▶ _TASK REQUIREMENTS_: Exactly those lines running from the one containing "this 1024×1479 image." to the end of the material are to be printed, and no others.

▶ _DATASET RECORDS_:
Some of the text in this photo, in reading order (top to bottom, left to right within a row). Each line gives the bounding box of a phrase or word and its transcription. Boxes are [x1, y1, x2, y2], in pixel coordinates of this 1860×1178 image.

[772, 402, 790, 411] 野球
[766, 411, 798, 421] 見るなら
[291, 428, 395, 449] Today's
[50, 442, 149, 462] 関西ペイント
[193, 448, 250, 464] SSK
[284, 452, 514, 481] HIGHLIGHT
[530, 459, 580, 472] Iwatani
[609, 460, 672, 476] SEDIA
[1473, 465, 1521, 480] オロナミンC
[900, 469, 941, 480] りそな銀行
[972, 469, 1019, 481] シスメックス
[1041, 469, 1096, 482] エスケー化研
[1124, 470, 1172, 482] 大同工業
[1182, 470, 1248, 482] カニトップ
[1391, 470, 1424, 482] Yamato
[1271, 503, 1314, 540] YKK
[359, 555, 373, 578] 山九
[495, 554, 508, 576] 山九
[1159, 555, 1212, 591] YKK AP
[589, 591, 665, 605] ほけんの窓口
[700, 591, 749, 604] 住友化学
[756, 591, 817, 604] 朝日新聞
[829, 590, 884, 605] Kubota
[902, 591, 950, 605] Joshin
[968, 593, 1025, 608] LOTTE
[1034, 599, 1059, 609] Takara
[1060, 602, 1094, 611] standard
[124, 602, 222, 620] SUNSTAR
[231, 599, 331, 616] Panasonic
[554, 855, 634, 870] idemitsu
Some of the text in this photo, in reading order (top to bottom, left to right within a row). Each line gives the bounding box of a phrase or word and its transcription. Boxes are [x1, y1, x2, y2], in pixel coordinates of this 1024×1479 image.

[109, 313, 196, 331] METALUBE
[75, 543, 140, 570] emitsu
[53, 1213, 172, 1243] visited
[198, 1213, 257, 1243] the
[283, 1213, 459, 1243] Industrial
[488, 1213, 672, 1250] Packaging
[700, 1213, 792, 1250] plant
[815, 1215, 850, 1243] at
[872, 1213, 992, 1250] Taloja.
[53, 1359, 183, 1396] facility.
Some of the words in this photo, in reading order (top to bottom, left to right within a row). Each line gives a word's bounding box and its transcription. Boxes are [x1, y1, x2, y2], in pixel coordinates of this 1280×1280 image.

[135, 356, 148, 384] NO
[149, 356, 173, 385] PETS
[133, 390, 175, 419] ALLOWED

▶ _WRITTEN SOLUTION_:
Some of the text in this photo, in reading order (top to bottom, left to right within a row). Each line gives the bounding box of a phrase or word and its transcription. Boxes are [x1, y1, x2, y2], in pixel coordinates of this 1024×1479 image.

[109, 313, 196, 331] METALUBE
[75, 543, 140, 570] emitsu
[53, 1213, 172, 1243] visited
[198, 1213, 257, 1243] the
[283, 1213, 459, 1243] Industrial
[488, 1213, 672, 1250] Packaging
[700, 1213, 792, 1250] plant
[815, 1215, 850, 1243] at
[872, 1213, 992, 1250] Taloja.
[53, 1359, 183, 1396] facility.
Some of the words in this photo, in reading order (top to bottom, left to right within a row). Each line gives a word's bounding box and its transcription. Boxes are [x1, y1, x2, y2], in pixel coordinates of this 1280×1280 image.

[135, 356, 148, 384] NO
[149, 356, 173, 385] PETS
[133, 390, 175, 419] ALLOWED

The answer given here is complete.